Leche Pascual inicia un ERE para despedir a los 80 trabajadores de su planta de Gurb
La plantilla reprocha a la empresa la negativa a negociar antes de que la fábrica pase a manos de Casa Tarradellas a partir de agosto
BarcelonaEl grupo Leche Pascual ha iniciado este viernes un expediente de regulación de empleo (ERE) para despedir a los 80 trabajadores de su planta de Gurb (Osona), parcialmente desmantelada desde hace meses después de que la empresa cerrara un acuerdo con Casa Tarradellas para la venta de la fábrica.
La presentación del ERE llega con poco más de 30 días de antelación respecto a la fecha prevista para el cierre definitivo de las instalaciones, que a partir del 31 de julio pasarán a manos de Casa Tarradellas. El nuevo propietario tiene intención de cambiar la actividad de la fábrica y sustituir el envasado de leche por la producción de mozzarella.
En un comunicado emitido por el Col·lectiu Ronda –la cooperativa de abogados que representa a los trabajadores en este proceso– se considera que la decisión de Leche Pascual "no está justificada" por los "buenos resultados" de producción y rentabilidad de la planta. Al mismo tiempo, los abogados reprochan a la empresa haber aplazado "cualquier negociación" hasta pocas semanas antes del cierre y, al mismo tiempo, "haber alimentado sin ninguna concreción las expectativas de una posible contratación por parte de Casa Tarradellas".

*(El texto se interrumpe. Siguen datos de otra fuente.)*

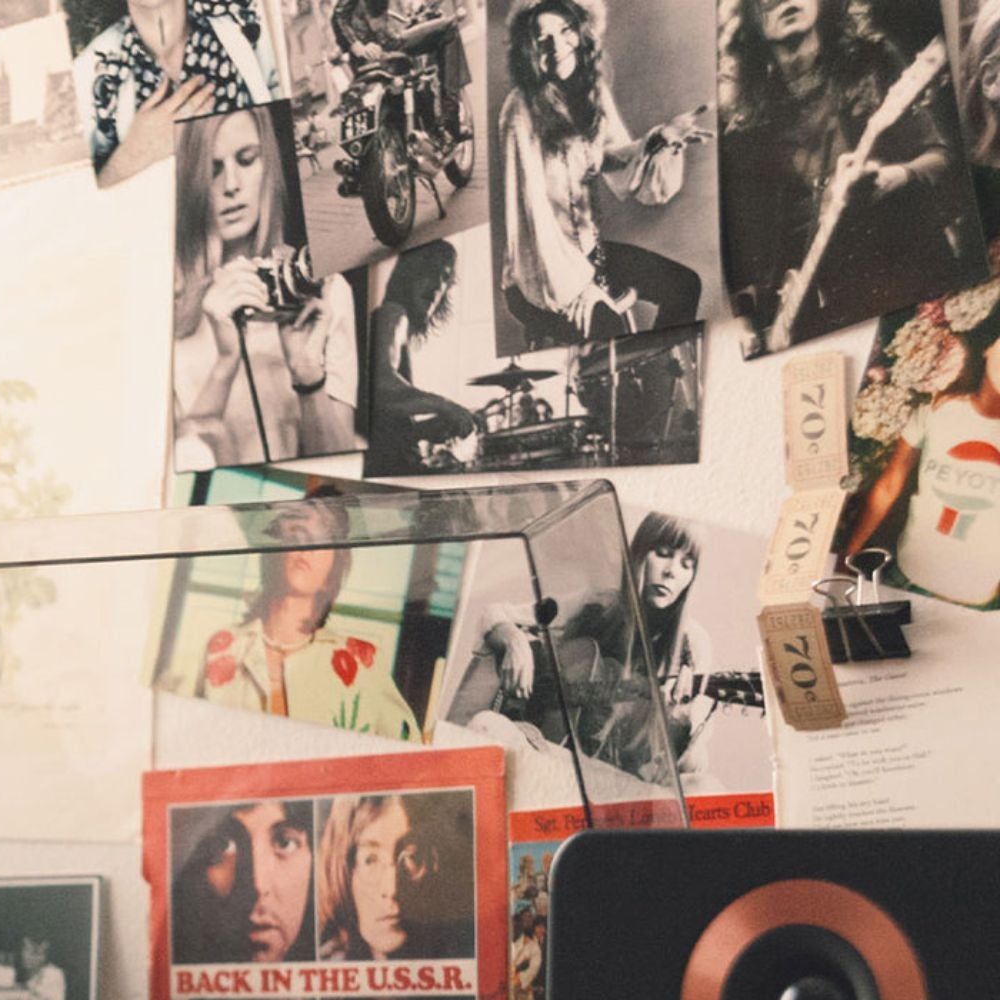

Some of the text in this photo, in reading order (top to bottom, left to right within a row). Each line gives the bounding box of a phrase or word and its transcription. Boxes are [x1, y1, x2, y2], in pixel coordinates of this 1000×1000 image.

[734, 801, 770, 818] Club
[177, 964, 473, 994] BACK IN THE U.S.S.R.
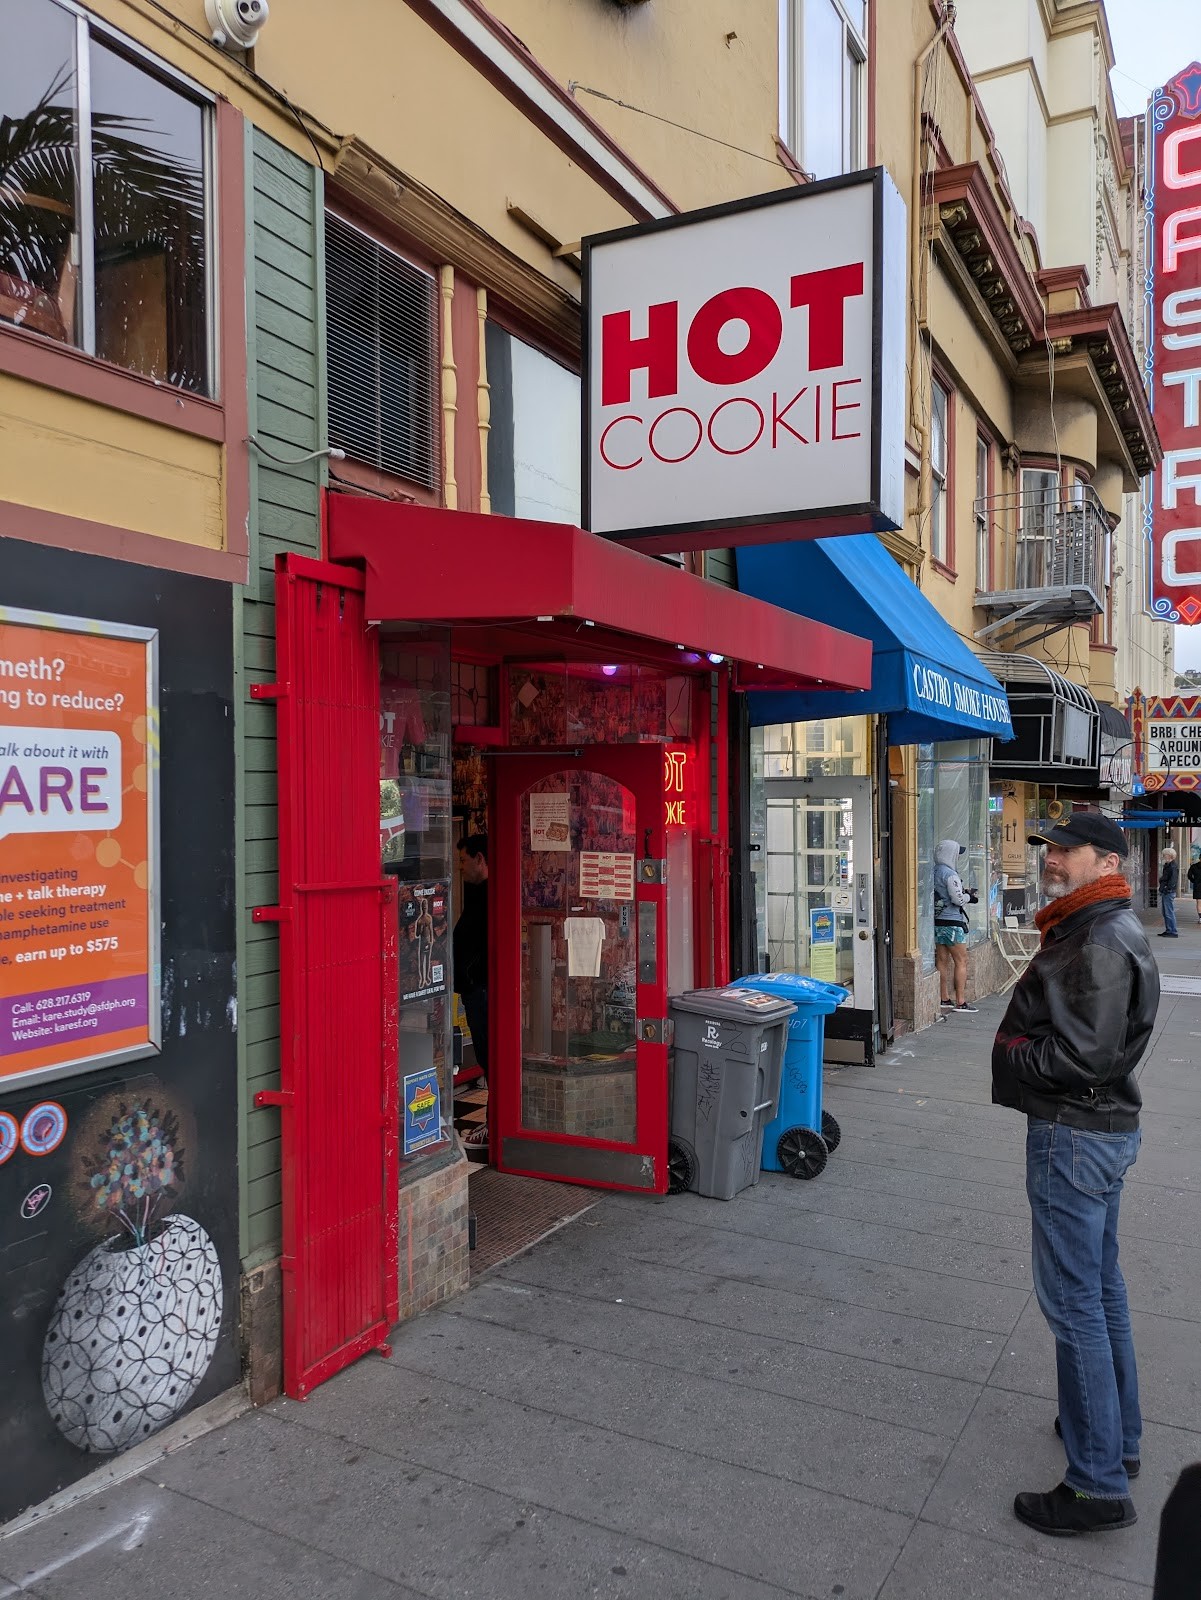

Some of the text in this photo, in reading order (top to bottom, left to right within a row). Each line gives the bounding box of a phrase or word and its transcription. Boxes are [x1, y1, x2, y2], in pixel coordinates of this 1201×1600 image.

Según ha detallado a el ARA el mismo Col·lectiu Ronda, el nuevo propietario de la planta todavía no ha negociado nada en firme con la plantilla de Gurb. Y si bien Casa Tarradellas ha manifestado en alguna ocasión su voluntad de reincorporar a parte de los trabajadores de Leche Pascual, las garantías son inexistentes. "Los empleados no saben nada", reconocen.
Con la presentación del ERE este viernes, plantilla y empresa inician ahora un periodo de consultas de 30 días para acordar las condiciones del despido colectivo, o bien la fórmula para mantener los puestos de trabajo bajo el paraguas de Casa Tarradellas. La primera reunión está prevista para este viernes, aunque desde el Col·lectiu Ronda apuntan que los trabajadores ya tienen intención de concentrarse ante las instalaciones de Gurb para manifestar su descontento con el grupo lechero.
Efectos en Llet Nostra
La venta de la planta de Gurb anunciada en abril pasado también ha tenido efectos colaterales, que en este caso han afectado a Llet Nostra. La marca catalana utilizaba las instalaciones osonenses para envasar su producto, pero con la compra por parte de Casa Tarradellas y su desmantelamiento tuvo que trasladar los trabajos a Aranda de Duero (Burgos), donde Pascual dispone de otras plantas.
La voluntad de Llet Nostra es volver a envasar leche en Cataluña. Al mismo tiempo, la marca subraya que los cambios solo afectan temporalmente a la parte industrial del proceso y no al origen del producto, que continuará proviniendo de los ganaderos catalanes que forman parte del proyecto.